- [WHAT YOU WILL DO]: Skip the images and print the listing exactly.

────────────────────

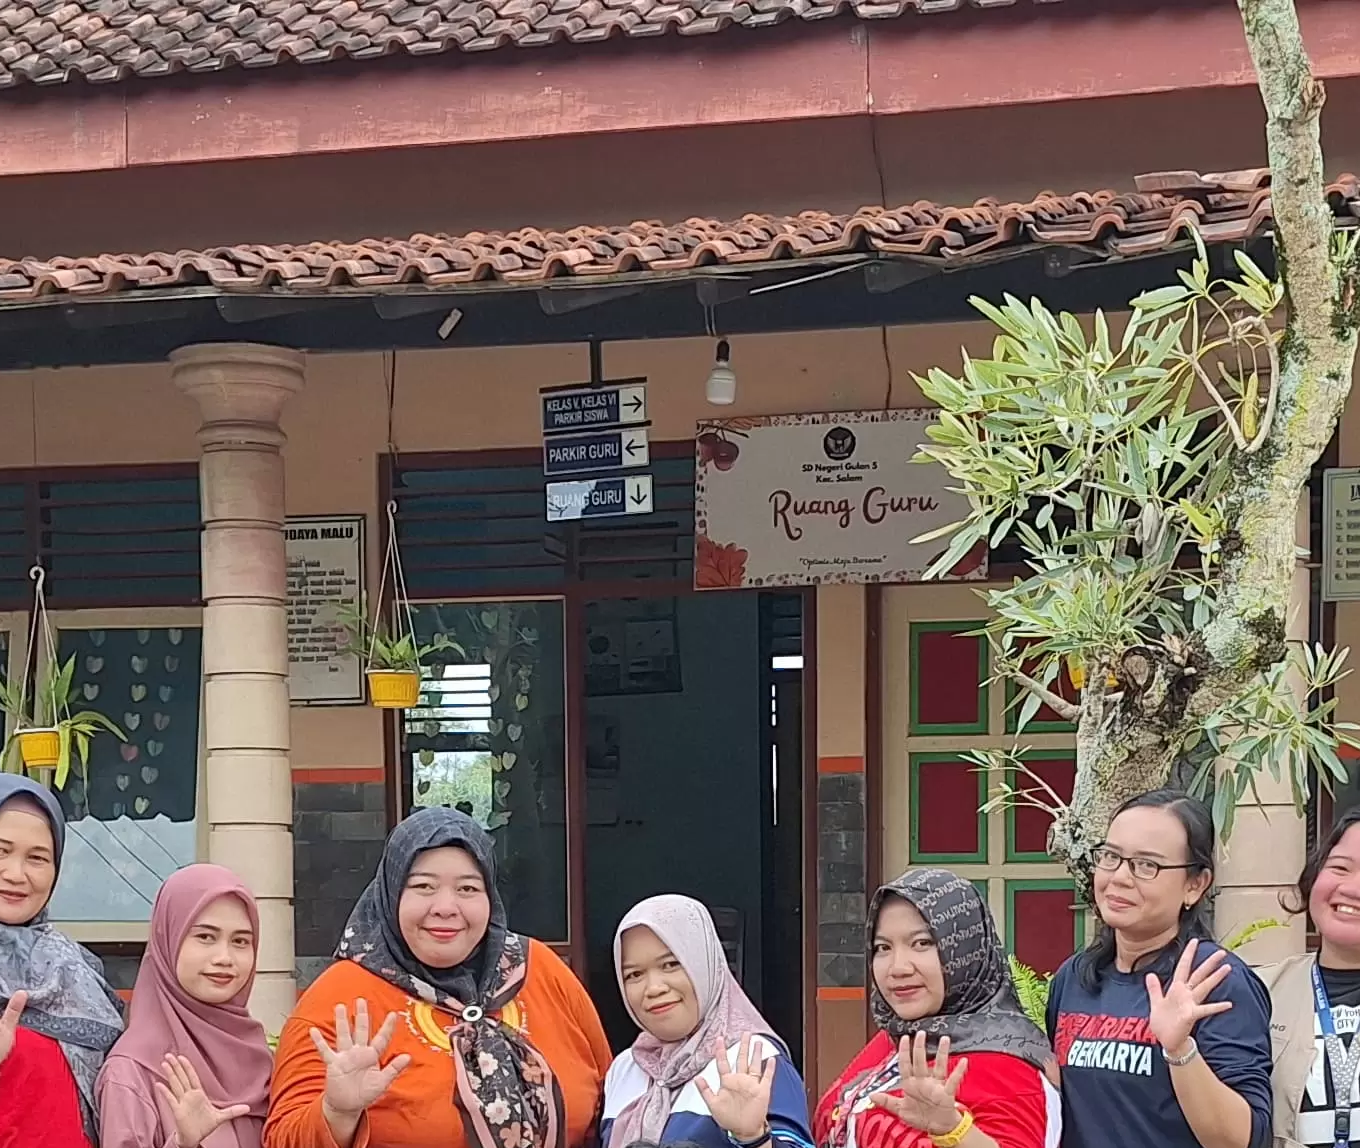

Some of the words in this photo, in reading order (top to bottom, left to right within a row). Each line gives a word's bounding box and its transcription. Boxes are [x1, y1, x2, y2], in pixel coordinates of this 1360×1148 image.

[546, 399, 572, 412] KELAS
[581, 395, 607, 408] KELAS
[607, 393, 617, 405] VI
[554, 411, 583, 425] PARKIR
[583, 408, 610, 423] SISWA
[549, 444, 587, 463] PARKIR
[588, 442, 620, 459] GURU
[801, 464, 813, 472] SD
[815, 463, 843, 473] Negeri
[836, 473, 863, 482] Salam
[553, 492, 590, 507] RUANG
[591, 489, 622, 505] GURU
[769, 490, 855, 541] Ruang
[862, 487, 939, 525] Guru
[320, 527, 353, 539] MALU
[1337, 1019, 1356, 1029] CITY
[1068, 1040, 1152, 1076] BERKARYA

────────────────────

- [RESPONSE AREA]:
Some of the words in this photo, in reading order (top to bottom, left to right within a row). Each line gives a word's bounding box and its transcription. Boxes are [x1, y1, x2, y2], in pixel coordinates of this 1360×1148 image.

[546, 399, 572, 412] KELAS
[581, 395, 607, 408] KELAS
[607, 393, 617, 405] VI
[554, 411, 583, 425] PARKIR
[583, 408, 610, 423] SISWA
[549, 444, 587, 463] PARKIR
[588, 442, 620, 459] GURU
[801, 464, 813, 472] SD
[815, 463, 843, 473] Negeri
[836, 473, 863, 482] Salam
[553, 492, 590, 507] RUANG
[591, 489, 622, 505] GURU
[769, 490, 855, 541] Ruang
[862, 487, 939, 525] Guru
[320, 527, 353, 539] MALU
[1337, 1019, 1356, 1029] CITY
[1068, 1040, 1152, 1076] BERKARYA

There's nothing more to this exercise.